The Turkish leader came under a torrent of criticism after images went viral of his Tuesday meeting with von der Leyen and European Council president Charles Michel in Ankara.

The room where the three leaders were hosted had only two chairs arranged next to the corresponding EU and Turkish flags.

Erdogan and Michel quickly seated themselves while von der Leyen -- whose diplomatic rank is the same as that of the two men -- was left standing.

"Ehm," she said as she spread her arms in wonder and looked directly at Michel and Erdogan.

Official images later showed her seated on a sofa opposite Turkish Foreign Minister Mevlut Cavusoglu.

"The seating arrangements were made in line with the EU suggestion.

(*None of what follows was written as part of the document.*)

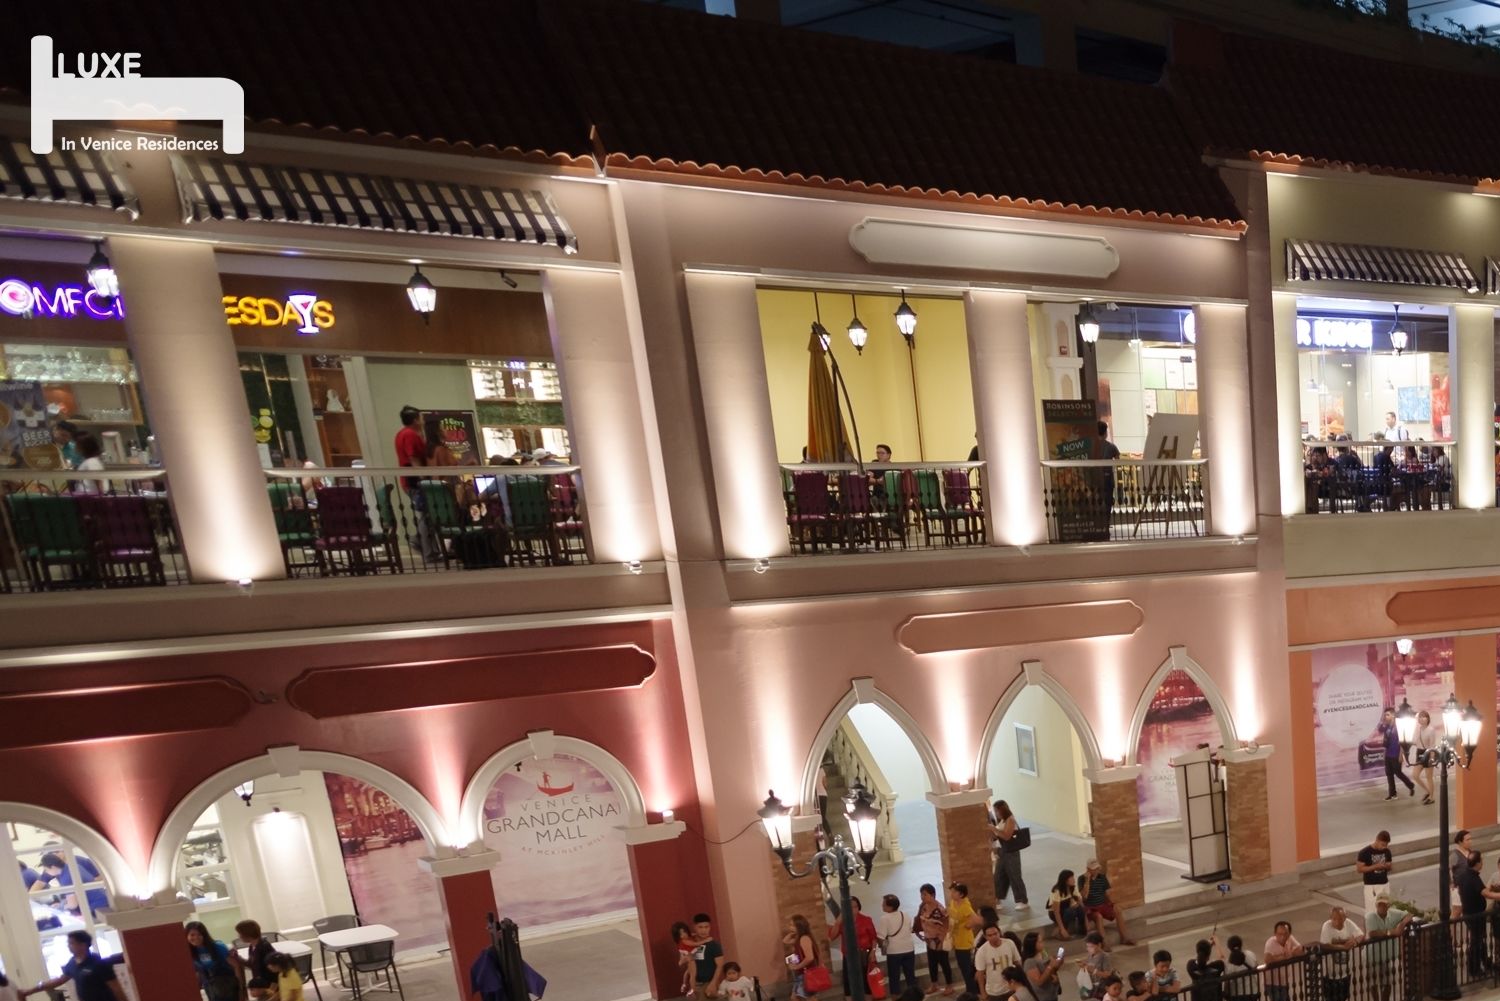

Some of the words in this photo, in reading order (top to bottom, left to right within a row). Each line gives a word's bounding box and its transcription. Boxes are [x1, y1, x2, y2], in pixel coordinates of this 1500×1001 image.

[1046, 402, 1091, 410] ROBINSONS
[1062, 441, 1085, 453] NOW
[521, 793, 592, 812] VENICE
[535, 825, 588, 845] MALL

Period," he said in the first public statement by a Turkish official on the episode.

"We would not be revealing this fact had accusations not been made against Turkey," Cavusoglu told reporters. "The demands and suggestions of the EU side were met and the proper protocol applied."

'Turkish hospitality'

The diplomatic faux pas was instantly branded "sofagate" on Twitter and became the dominant talking point of the first Turkey-EU summit in a year.

The three leaders had been trying to set a more positive tone to relations after months of spats.

But the talks ended with European officials throwing accusations of male chauvinism at Turkey that they linked to Erdogan's withdrawal a month earlier from the Istanbul Convention against gender-based violence.

"First they withdraw from the Istanbul Convention and now they leave the President of European Commission without a seat in an official visit. Shameful," wrote Spanish MEP Iratxe Garcia Perez.

Many also questioned why Michel was so quick to take a seat.

The European Council president broke nearly a full day of silence by acknowledging on Facebook that the episode made him look "oblivious" to von der Leyen visible discomfort.

But he blamed it on a "protocol blunder" by Turkey that he and von der Leyen decided to overlook at the time.

"We decided not to make matters worse by creating a scene," Michel wrote.

Cavusoglu called this criticism "unfair".

"The meetings -- especially in Turkey -- are held within the framework of international protocol rules and Turkish hospitality," he said.

'Symbol of disunity'

The episode came with the European Union's leadership under mounting pressure over the bloc's slow coronavirus inoculation effort and strains emerging between the 27 member states.

Several European Parliament groups demanded an investigation into how von der Leyen was left standing while Michel took a seat.

"The setting for this meeting does not seem to be based on order of precedence... but rather by a male-chauvinist way of representation of an autocrat," Belgian European Parliament member Assita Kanko wrote in a formal question to Michel.

The conservative EPP grouping's leader Manfred Weber told Politico the trip to Ankara had become "a symbol of disunity" between the EU's top officials.

And French far-right leader Marine Le Pen called the entire visit a bad idea because it showed the bloc "lying down before a hostile" Erdogan.

Von der Leyen's spokesman meanwhile refused to be drawn on speculation that the mixup happened because the European Commission never sent a preparatory team to Ankara.

"These are internal organisational matters," Eric Mamer told reporters.

"President (von der Leyen) simply wishes that these questions be analysed so that we do not face the same types of questions in our next mission."